Der beglückende Einbruch, das Wunder: Das widerfährt nur den Mädchen. Sie erwarten, könnte man sagen, das Wunder herbei. Voilà: Ein nackter junger Mann fällt auf die Terasse vor dem Zimmer, in dem sie lernen. Er tappt durch Vorhangschleier herein, ohne Schramme, ein Toter, der lebt. Das geschieht. Es folgt daraus nichts. Übergangslos geht es weiter. Das singuläre Ereignis schlechthin ist das Wunder. Die Erwartung der Jugend (die Jugend, die nichts anderes ist als Erwartung) übersetzt sich katholisch ins Wunder, auch in die Berufung, den Anruf Gottes, der einer jeden die singuläre, individuelle Aufgabe gibt in der Welt, die im Licht dieses Rufs ihr Antlitz verändert.
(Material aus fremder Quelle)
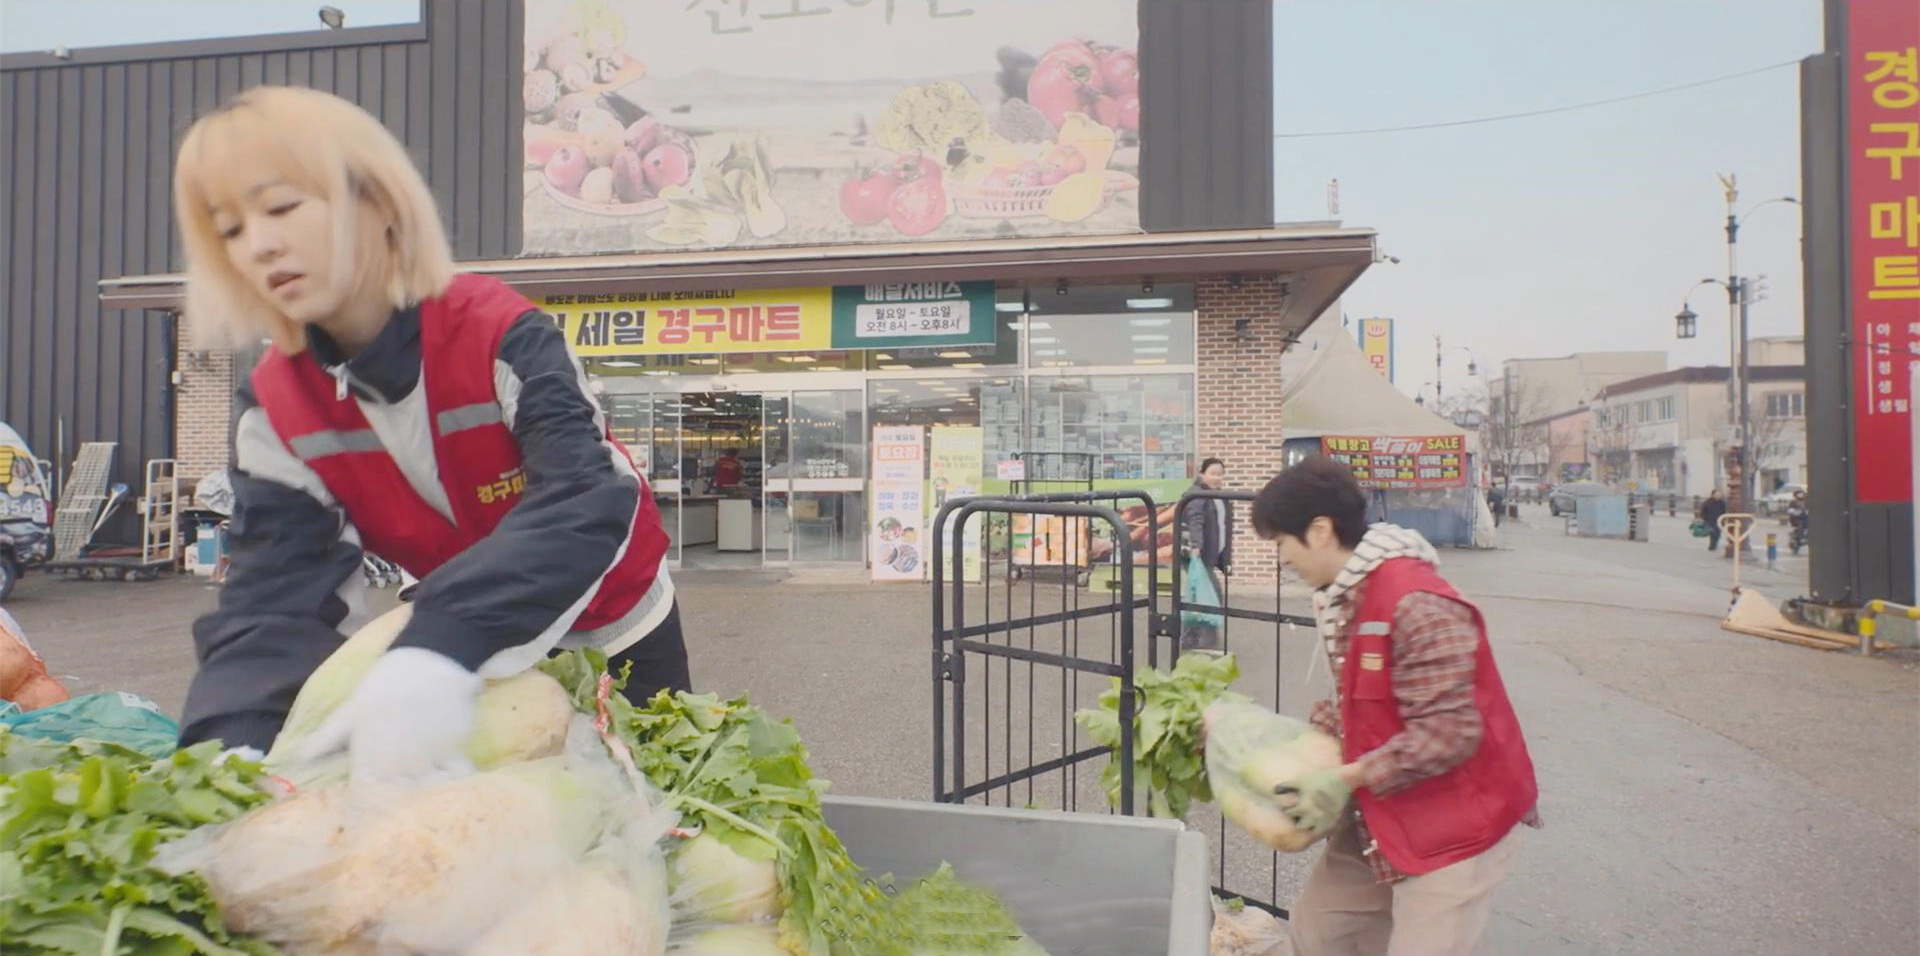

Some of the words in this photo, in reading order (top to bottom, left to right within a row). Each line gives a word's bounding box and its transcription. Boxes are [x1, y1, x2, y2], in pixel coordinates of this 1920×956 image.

Das Licht auf dem Gesicht von Amalia, die noch in der Belästigung durch den Lüstling das Wunder der singulären Berufung zu erkennen glaubt, ist der Vorschein dieser Erwählung, in der Gott eine Einsetzung vornimmt, ein Verhältnis entwirft, das dich aufhebt in der Welt. Ein Verhältnis, das der Gegensatz ist von Gleichgültigkeit und einem Geschehen, das eben geschieht. Alles steuert, nach diesem Wunder, von dem schon der Gesang des Beginns zu zeugen schien, auf eine schockierende Entzauberung zu, die bittere Enttäuschung einer Hoffnung darauf, dass das Leben, das vor dir liegt, gesegnet ist. Die Berührung hat stattgefunden und wir glauben es, wir sehen es mit Amalias Augen, obwohl wir auch sehen und obwohl der Film weiß Gott kein Geheimnis daraus macht, dass der Mittler dieses Wunders eine lächerliche Figur ist. (Aber steigert das nicht die Kraft des Wunders noch?)
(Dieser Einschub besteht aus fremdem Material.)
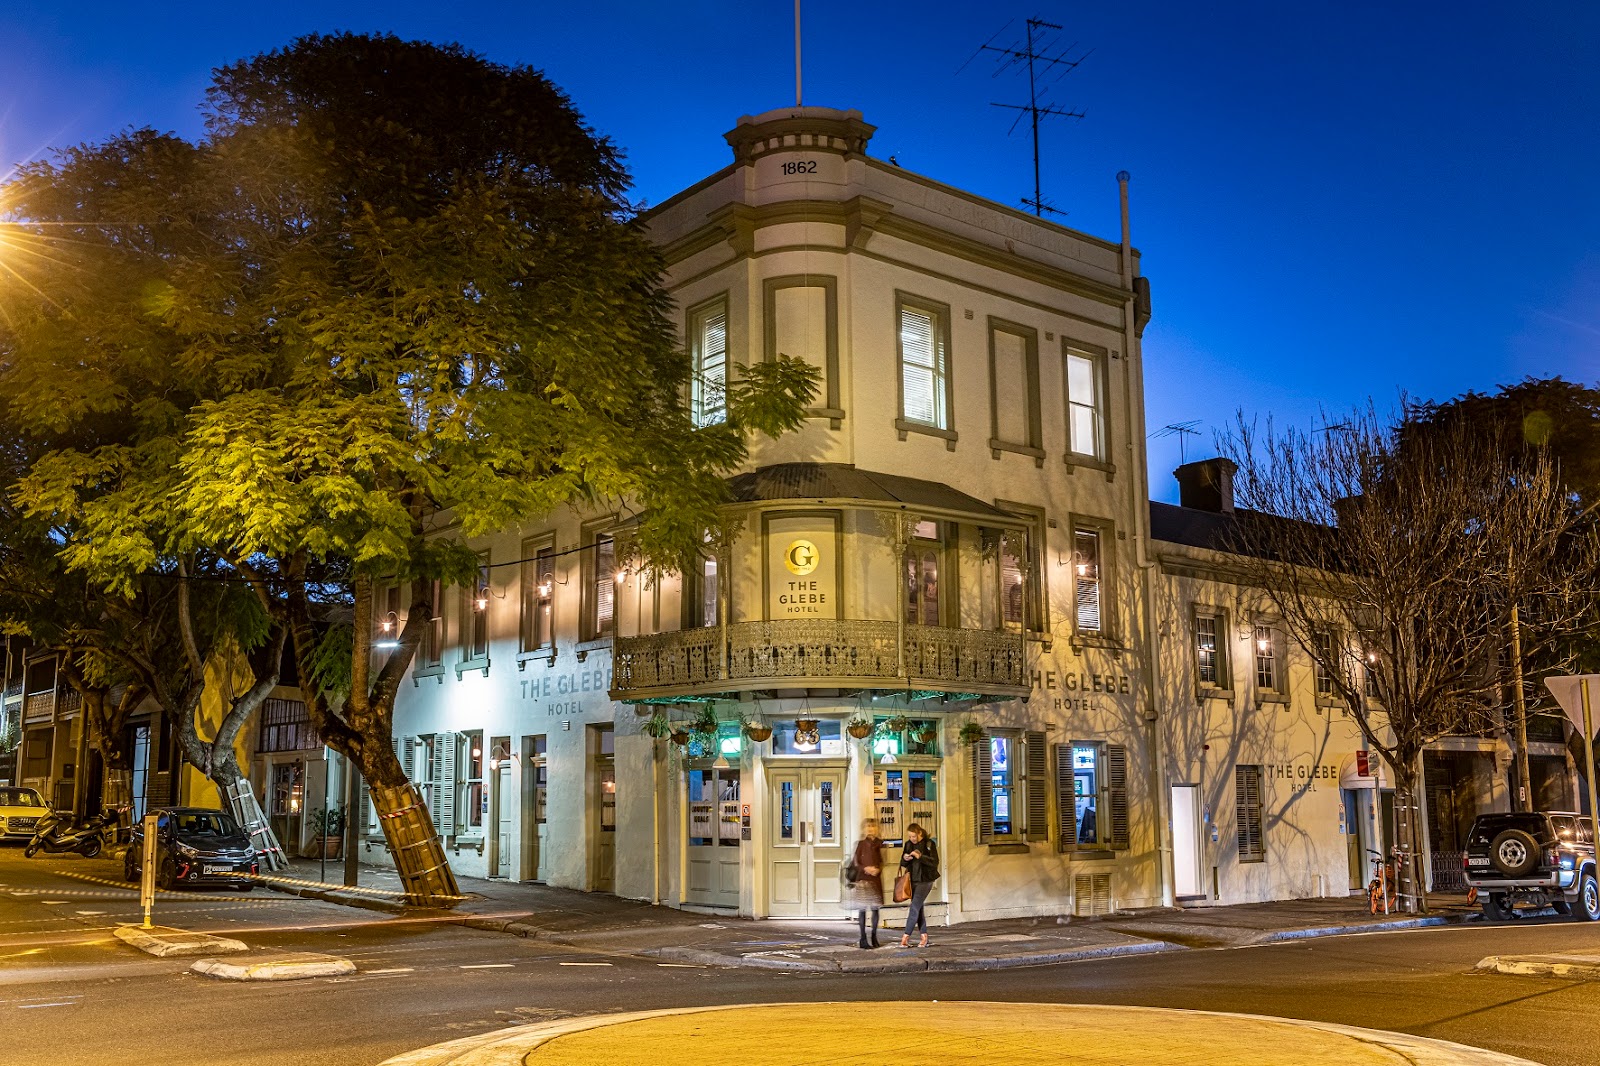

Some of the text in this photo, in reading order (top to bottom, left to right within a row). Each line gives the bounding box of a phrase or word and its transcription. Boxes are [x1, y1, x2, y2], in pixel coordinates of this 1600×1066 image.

[781, 160, 817, 175] 1862
[789, 545, 814, 567] G
[788, 581, 817, 591] THE
[779, 593, 825, 604] GLEBE
[520, 676, 551, 699] THE
[1030, 669, 1129, 695] HE GLEBE
[548, 701, 583, 716] HOTEL
[1054, 698, 1096, 711] HOTEL
[1268, 765, 1337, 779] THE GLEBE
Dieses doppelte Wissen, das Fehlen eines Übergangs zwischen der Wahrheit des Wunders und der Wahrheit einer gewissen Trostlosigkeit konstituiert den dadurch eigentümlicherweise nicht gespaltenen Blick des Films auf die enge Welt, die er in diesem Blick entwirft. Er verharrt auf dieser Grenze, die auch als die zwischen Traum und Wirklichkeit lesbar wäre – ginge es hier in erster Linie um Lesbarkeiten. Es scheint aber viel eher so, als seien die Zeichen, die wir zu sehen bekommen, zugleich überscharf und nicht distinkt. Wie jene Sichtbarkeiten vielleicht, die Jose beschreibt, nachdem sie ihre Finger aufs Auge gelegt hat und nun, von der selbst auferlegten Blindheit zu einem Sehen des Sichtbaren wie des nicht Sichtbaren befreit, wieder sieht. Klug ist Lukrezia Martel darinauf die Auflösung ins Eindeutige dieses doppelten Wissens zu verzichten, auf die Ausführung der Entzauberung, auf die alles zuläuft. Der Film kennt Gnade, mit Amalia, mit Helena, mit Dr. Jano, mit uns. Es ist die Gnade des Aufschubs der Enttäuschung. An der Stelle, im Aufschub der Enttäuschung: Ein Gleiten durch das Wasser mit der Verräterin, die die Freundin ist, umfangen vom Element, das trägt und schützt, ein Gleiten, das nicht endet. Das Ende ist nicht offen, aber es macht uns glauben, was wir sehen, obwohl wir wissen, dass das Wunder, das nie ein Wunder war, nun enden muss.